He debated what to do. Should he open the hole and see if the others were down there? Would the men come into the hall just as he was doing it? He could hear their voices quite clearly now.
Jack darted back into the furnished room and, accidentally touching a chair as he went, raised a cloud of dust at once. He ran to the wide window and hid behind a long tapestry curtain there. He did not dare to touch it, because he felt sure it would fall to pieces in his hands.
The men were evidently still worried about the bag of apple cores. It was obvious that they knew someone was there besides themselves – and then, to Jack’s dismay, he saw that they had found the pile of things the others had brought up with them that morning!
They had brought them from the courtyard and had spread them out at the entrance to the castle, looking through them carefully. Jack caught one or two words, but he couldn’t understand them.
‘We shall have to get out of here the very first moment possible,’ thought the boy. ‘We may get into serious trouble. If only I could get everyone up into the room with the plank!’
Two of the men now separated and went off into the castle, evidently to make another good search. The third man stood at the great doorway, puffing at a cigarette and apparently keeping a watch over the courtyard.
It was impossible for Jack to open the way to the hidden room, for the man at the doorway would see and hear him. There was nothing to do but wait, and hope for a chance to do it before any of the men did it themselves.
So the boy stood behind the curtain, watching and waiting. He wished Bill Smugs was there! Bill always knew what to do when things were awkward – but then Bill was a grown-up and grown-ups knew how to handle things in the right way, somehow.

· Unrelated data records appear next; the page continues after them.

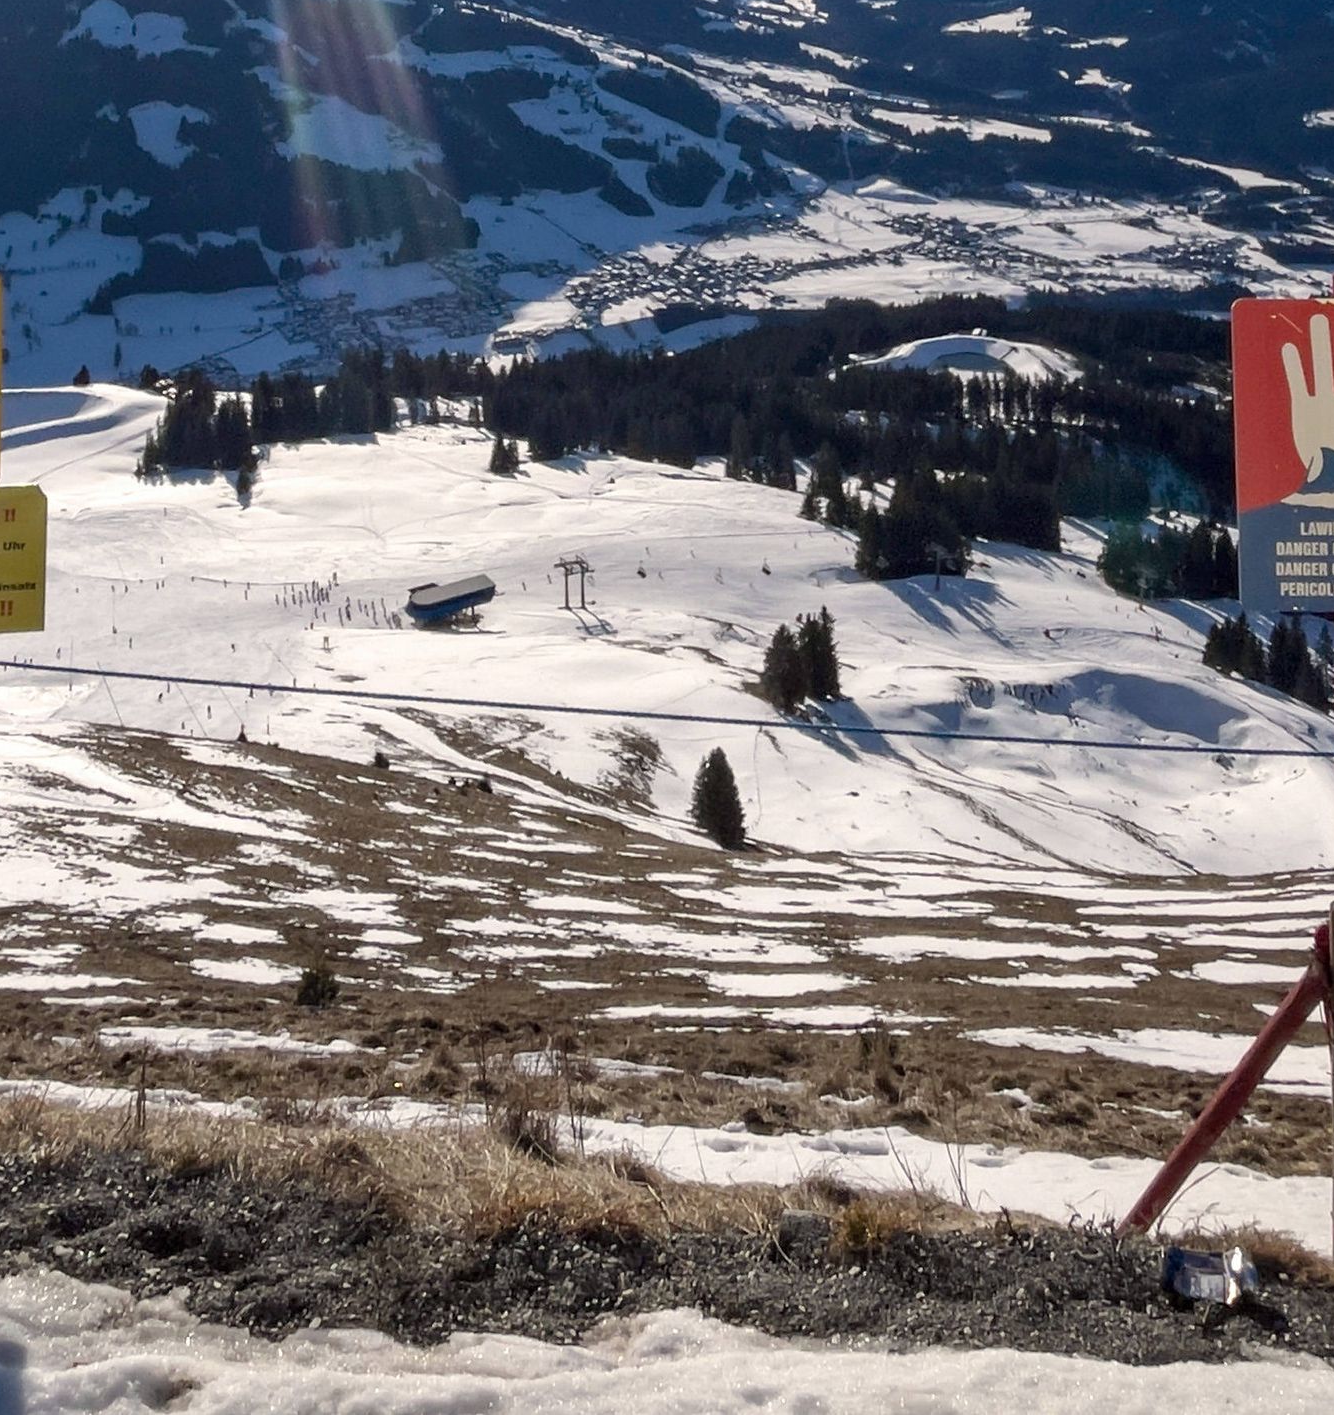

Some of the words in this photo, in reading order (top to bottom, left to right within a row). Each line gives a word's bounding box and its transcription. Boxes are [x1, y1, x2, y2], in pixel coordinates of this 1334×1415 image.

[3, 541, 26, 551] Uhr
[1275, 542, 1329, 556] DANGER
[1275, 562, 1328, 576] DANGER
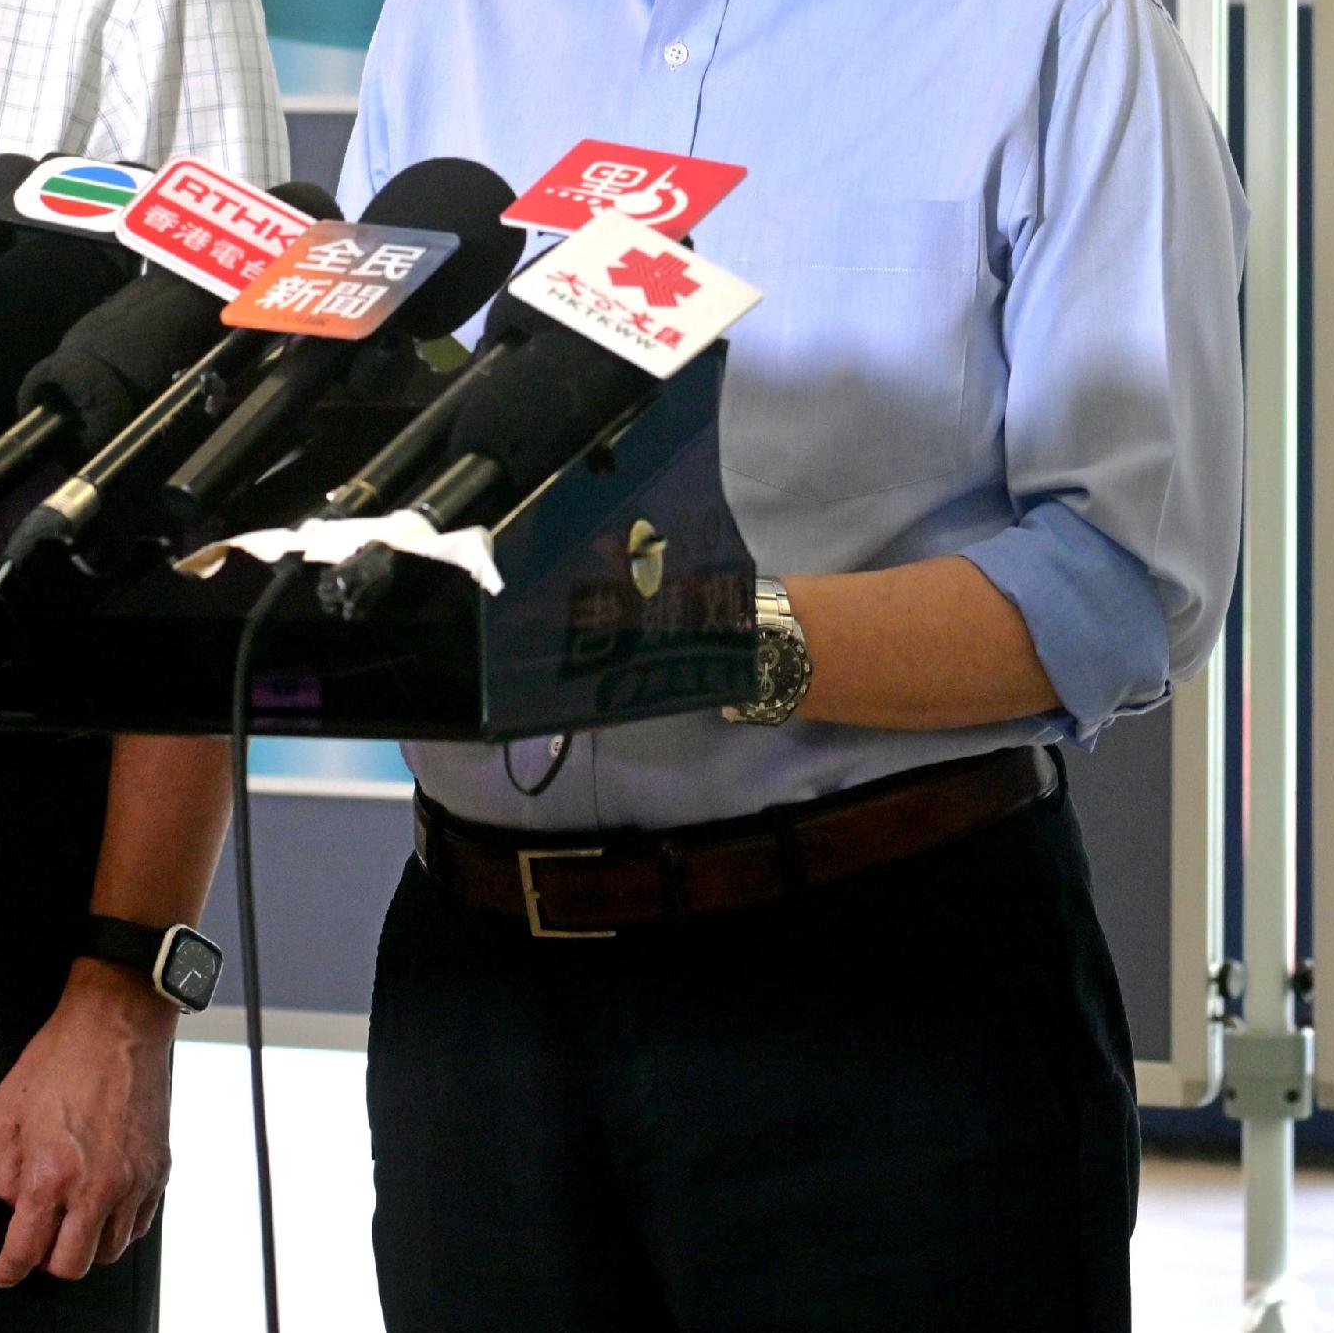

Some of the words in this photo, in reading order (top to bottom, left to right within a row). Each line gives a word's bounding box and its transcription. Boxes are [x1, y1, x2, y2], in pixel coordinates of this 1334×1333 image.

[172, 174, 302, 251] RTHK
[142, 204, 269, 284] 香港電台
[294, 237, 427, 282] 全民
[254, 275, 390, 320] 新聞
[547, 287, 657, 349] HKTKWW
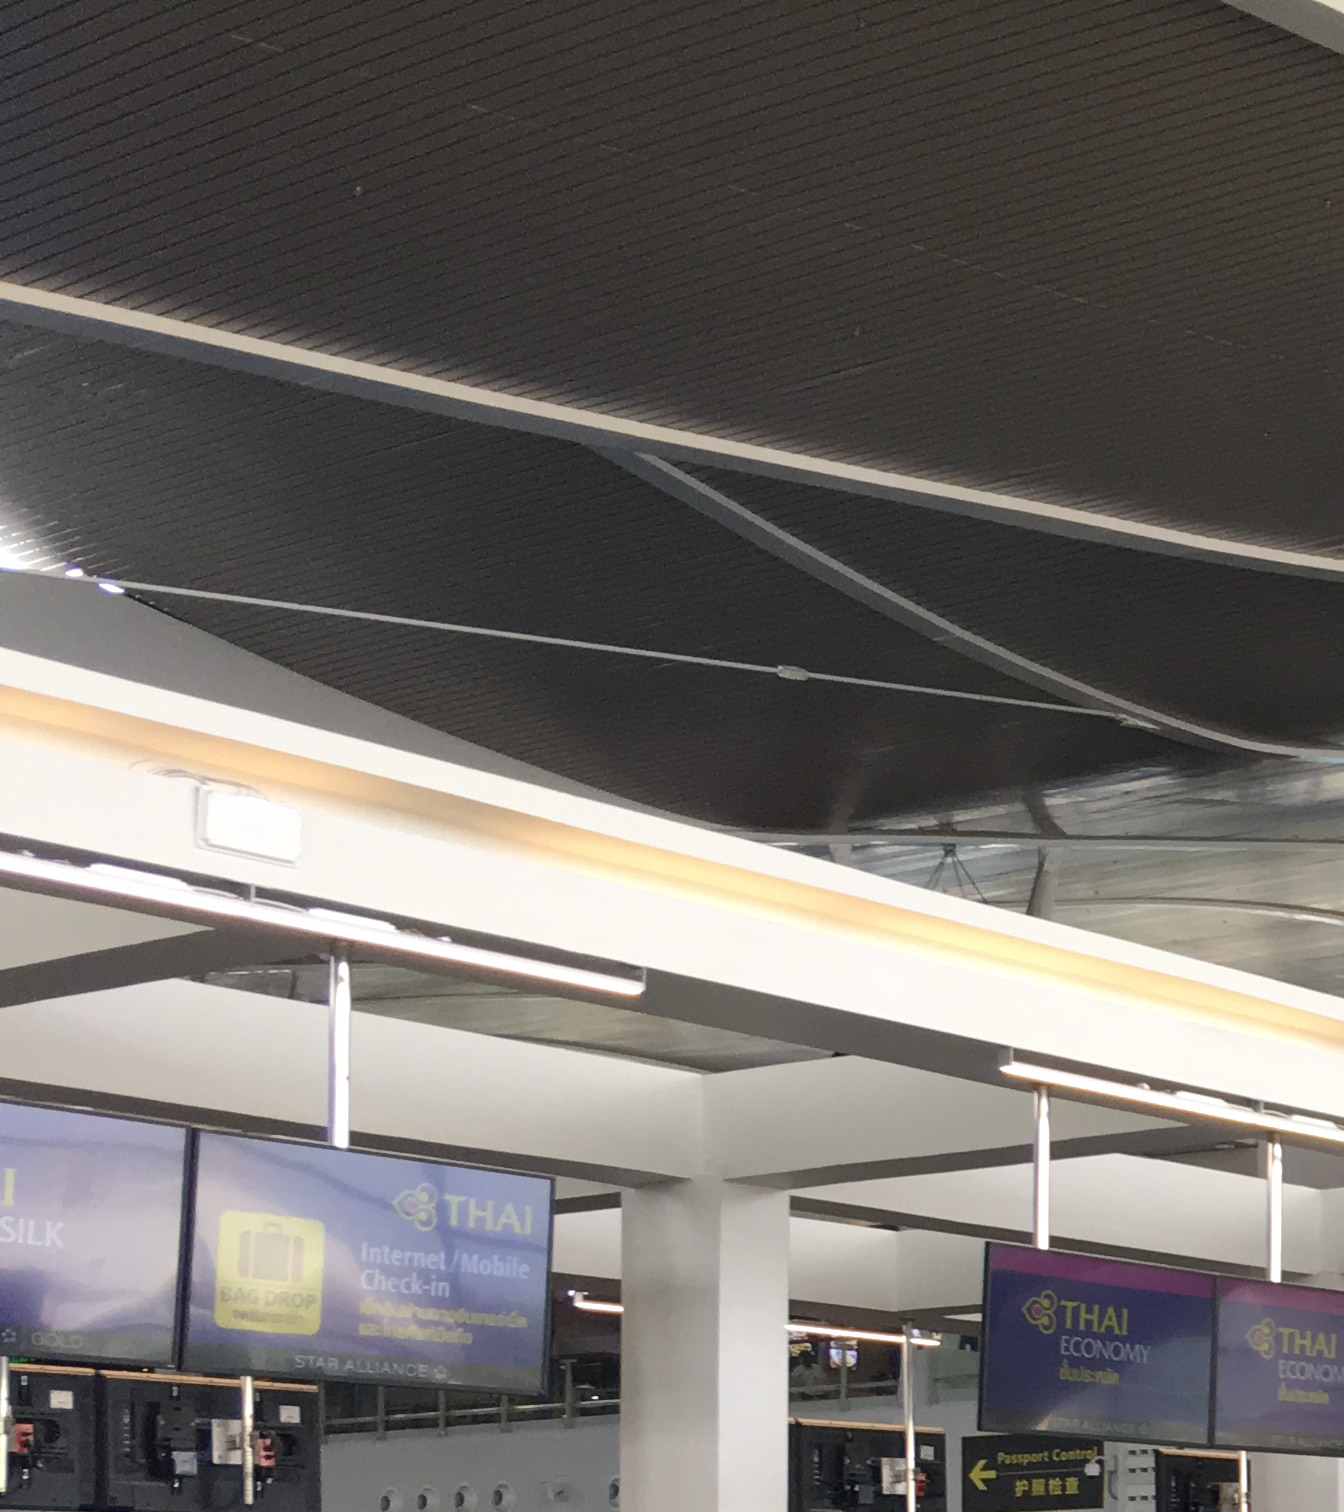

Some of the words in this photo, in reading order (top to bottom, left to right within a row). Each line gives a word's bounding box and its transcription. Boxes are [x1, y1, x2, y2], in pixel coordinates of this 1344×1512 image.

[445, 1193, 532, 1234] THAI
[0, 1216, 64, 1248] SILK
[220, 1286, 259, 1304] BAG
[265, 1289, 316, 1309] DROP
[360, 1270, 449, 1297] Check-in
[1060, 1300, 1128, 1335] THAI
[1061, 1336, 1152, 1364] ECONOMY
[1278, 1328, 1336, 1358] THAI
[295, 1354, 339, 1371] STAR
[344, 1359, 428, 1378] ALLIANCE
[998, 1448, 1049, 1465] Passport
[1053, 1446, 1098, 1461] Control

The man at the doorway finished his cigarette. He did not throw the end away but carefully stubbed it out against a coin he took from his pocket, and put it into a little tin box. Evidently he was not going to leave any signs about that would tell anyone he was living there.
He turned and came into the hall. Jack heard his feet echoing, and held his breath. Was he going back to the hidden room?
He was! He walked to the back of the hall, and felt about in the wall there for the spike. Jack, fearing that he was doing this, crept to the door of the room he was hiding in, and peered through the crack. From there he could see what happened.
The man pulled at the spike, and the stone moved with a grating sound, first downwards and then to the side. It was a marvellous piece of mechanism, very old, but still in perfect working order.
Jack’s heart almost stood still. Now what was going to happen? What would the man say when he saw the other three?
Dinah and Lucy-Ann heard the grating noise of the stone as it moved, and looked up. Philip peered through his visor, hoping Jack was coming at last. But to their horror a man stood on the steps, looking at them in the greatest astonishment and anger!
He co
uld only see Dinah and Lucy-Ann, of course. The two girls stared at him and trembled. His face was not a pleasant one. He had an enormous nose, narrow eyes, and the thinnest lips imaginable. Shaggy eyebrows hung over his eyes, almost like a sheepdog’s hair.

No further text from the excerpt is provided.